**Information supplied**
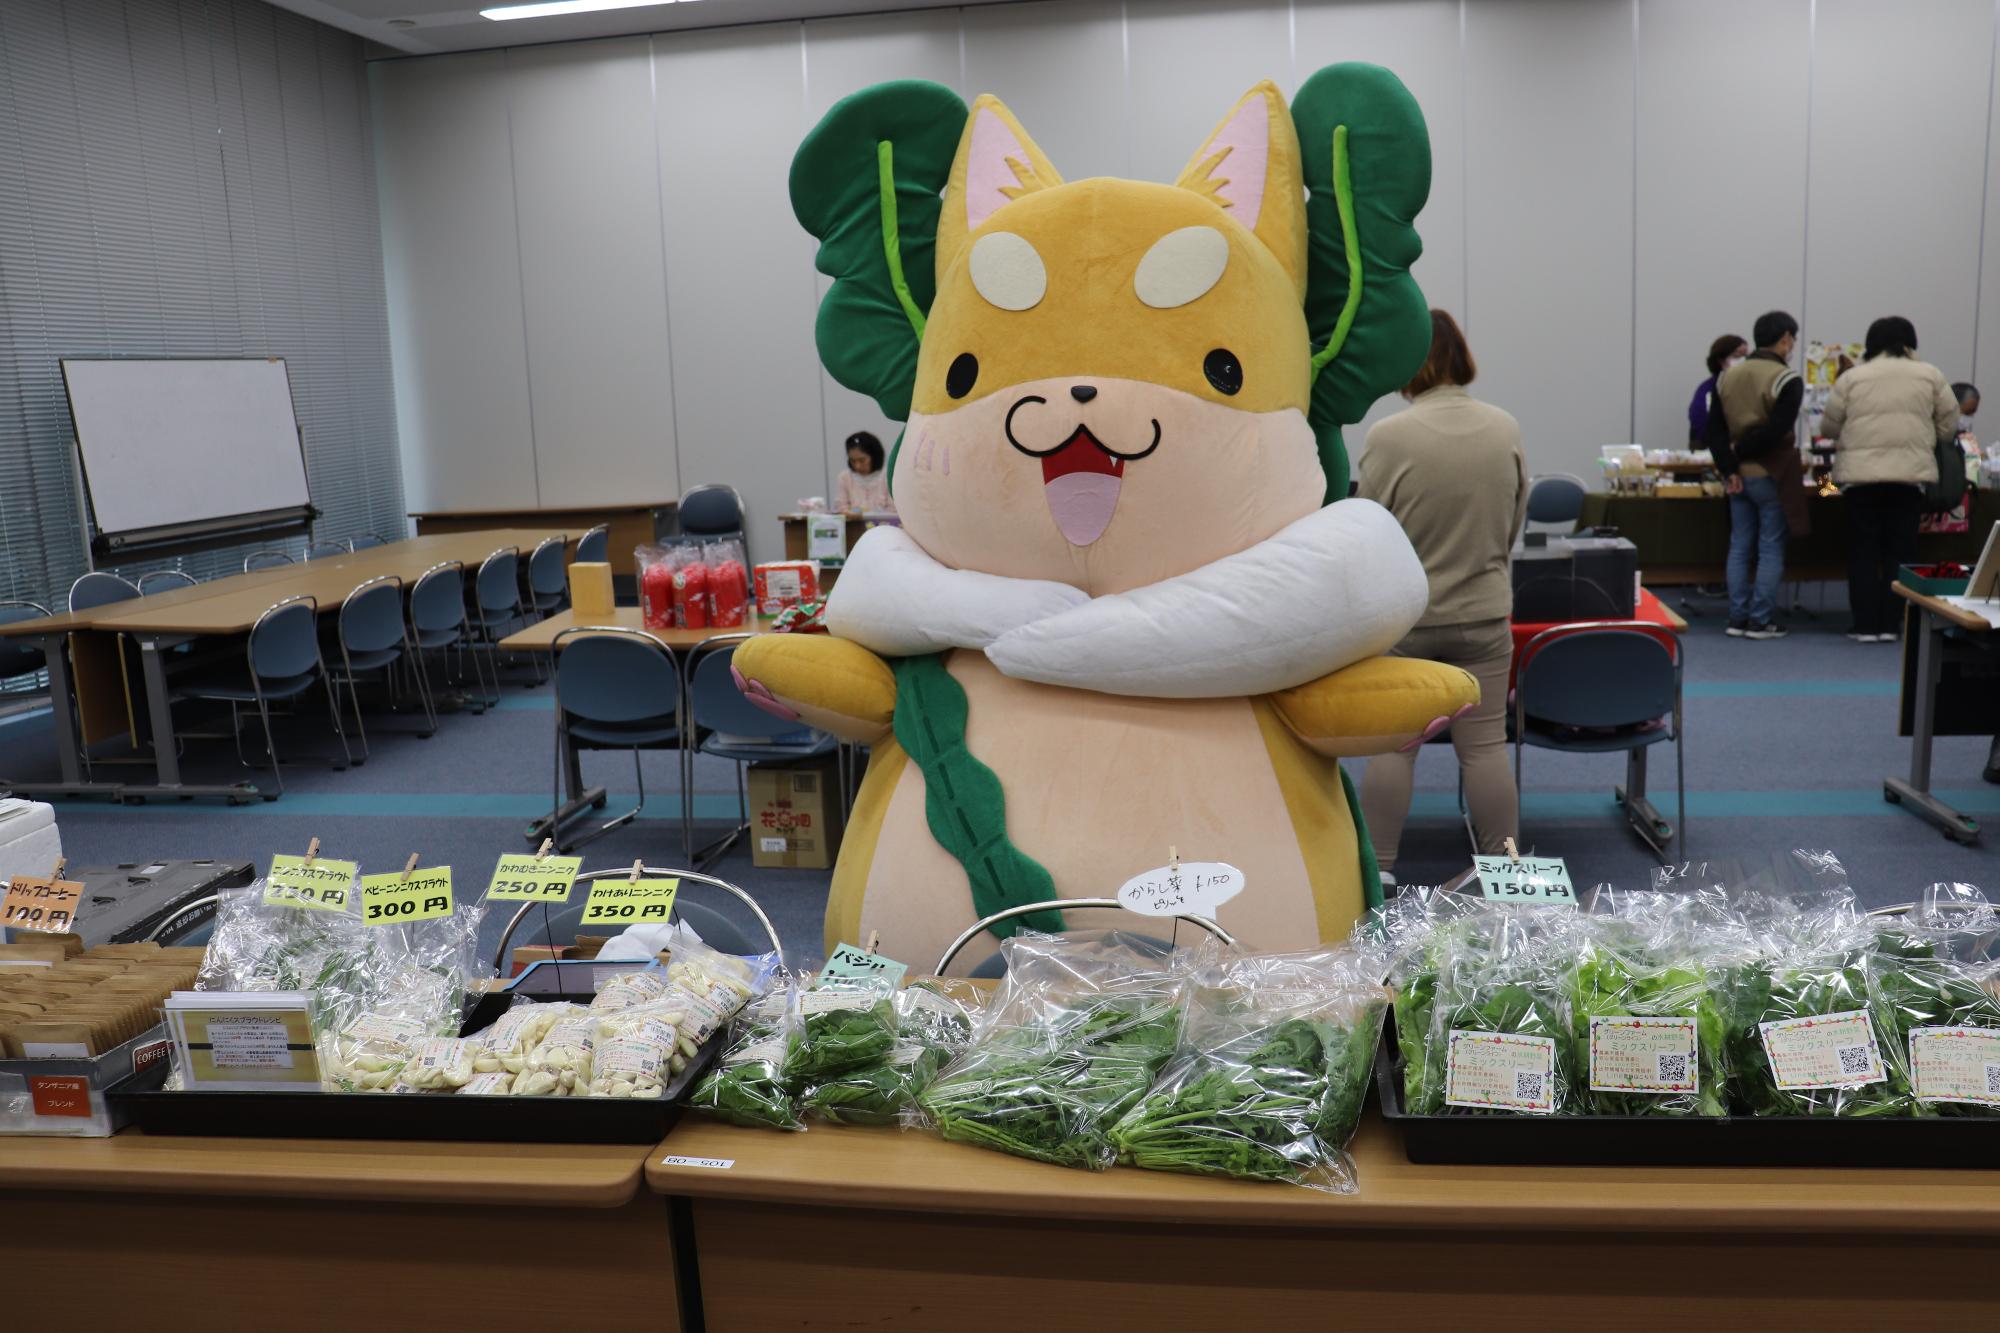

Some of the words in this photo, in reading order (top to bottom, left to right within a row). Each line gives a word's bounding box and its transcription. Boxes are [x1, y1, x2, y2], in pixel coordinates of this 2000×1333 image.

[500, 864, 575, 875] かわむきニンニク
[1479, 862, 1563, 875] ミックスリーフ
[494, 880, 567, 895] 250円
[593, 888, 673, 898] わけありニンニク
[1490, 882, 1569, 897] 150円
[368, 896, 448, 919] 300円
[588, 904, 667, 918] 350円
[5, 905, 69, 925] 100円
[1611, 1041, 1676, 1052] ミックスリーフ
[1788, 1037, 1854, 1052] ミックスリーフ
[136, 1048, 167, 1065] COFFEE
[1470, 1056, 1534, 1069] ミックスリーフ

**Task goal**
Repeat the material exactly as it reads, without any of its pictures.

**Problem solution**
Some of the words in this photo, in reading order (top to bottom, left to right within a row). Each line gives a word's bounding box and its transcription. Boxes are [x1, y1, x2, y2], in pixel coordinates of this 2000×1333 image.

[500, 864, 575, 875] かわむきニンニク
[1479, 862, 1563, 875] ミックスリーフ
[494, 880, 567, 895] 250円
[593, 888, 673, 898] わけありニンニク
[1490, 882, 1569, 897] 150円
[368, 896, 448, 919] 300円
[588, 904, 667, 918] 350円
[5, 905, 69, 925] 100円
[1611, 1041, 1676, 1052] ミックスリーフ
[1788, 1037, 1854, 1052] ミックスリーフ
[136, 1048, 167, 1065] COFFEE
[1470, 1056, 1534, 1069] ミックスリーフ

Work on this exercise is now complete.